What needs to be done
Skip the pictures and give back the rest of the listing exactly.

========================================================================

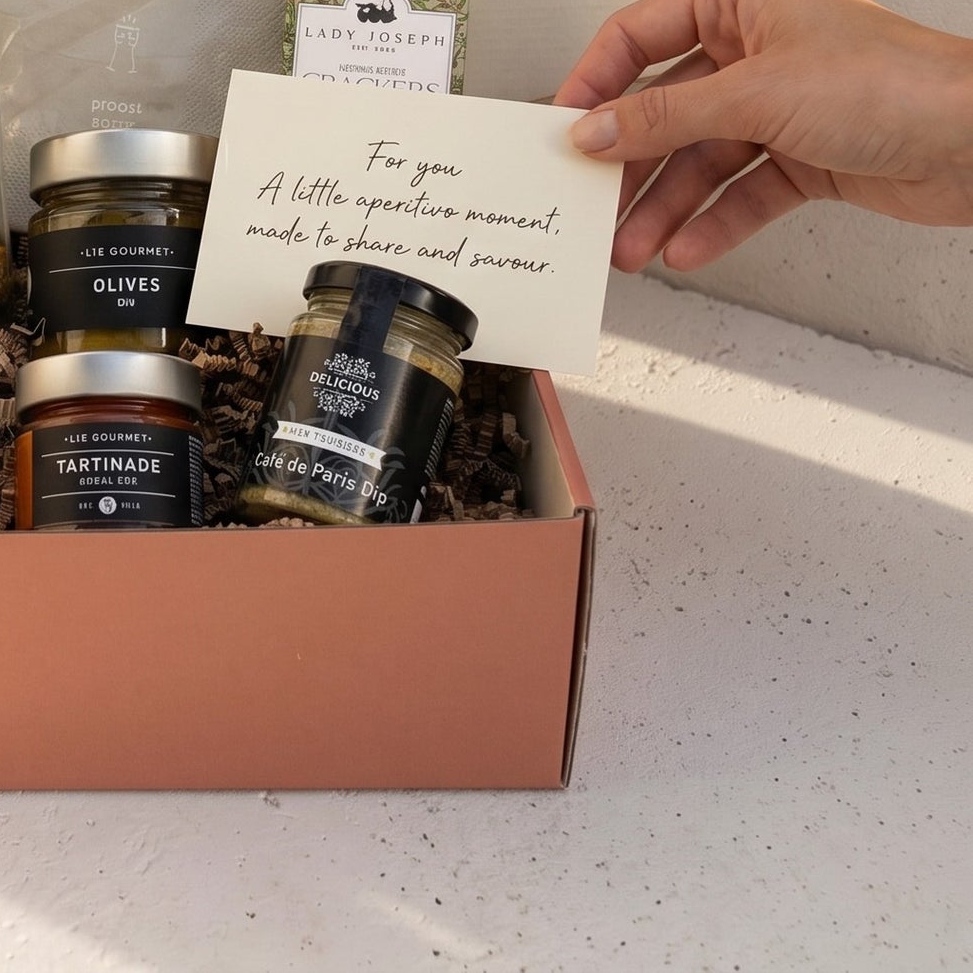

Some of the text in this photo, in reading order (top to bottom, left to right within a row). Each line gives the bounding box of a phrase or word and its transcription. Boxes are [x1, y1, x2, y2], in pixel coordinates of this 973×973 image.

[304, 26, 446, 47] LADY JOSEPH
[91, 99, 143, 115] proost
[366, 139, 464, 188] For you
[256, 171, 562, 236] A little aperitivo moment,
[109, 246, 170, 257] GOURMET
[245, 216, 557, 275] made to share and savour.
[93, 277, 161, 293] OLIVES
[309, 370, 381, 402] DELICIOUS
[91, 432, 148, 443] GOURMET
[56, 456, 162, 474] TARTINADE
[254, 451, 388, 508] Café de Paris Dip

========================================================================

Response area
Some of the text in this photo, in reading order (top to bottom, left to right within a row). Each line gives the bounding box of a phrase or word and its transcription. Boxes are [x1, y1, x2, y2], in pixel coordinates of this 973×973 image.

[304, 26, 446, 47] LADY JOSEPH
[91, 99, 143, 115] proost
[366, 139, 464, 188] For you
[256, 171, 562, 236] A little aperitivo moment,
[109, 246, 170, 257] GOURMET
[245, 216, 557, 275] made to share and savour.
[93, 277, 161, 293] OLIVES
[309, 370, 381, 402] DELICIOUS
[91, 432, 148, 443] GOURMET
[56, 456, 162, 474] TARTINADE
[254, 451, 388, 508] Café de Paris Dip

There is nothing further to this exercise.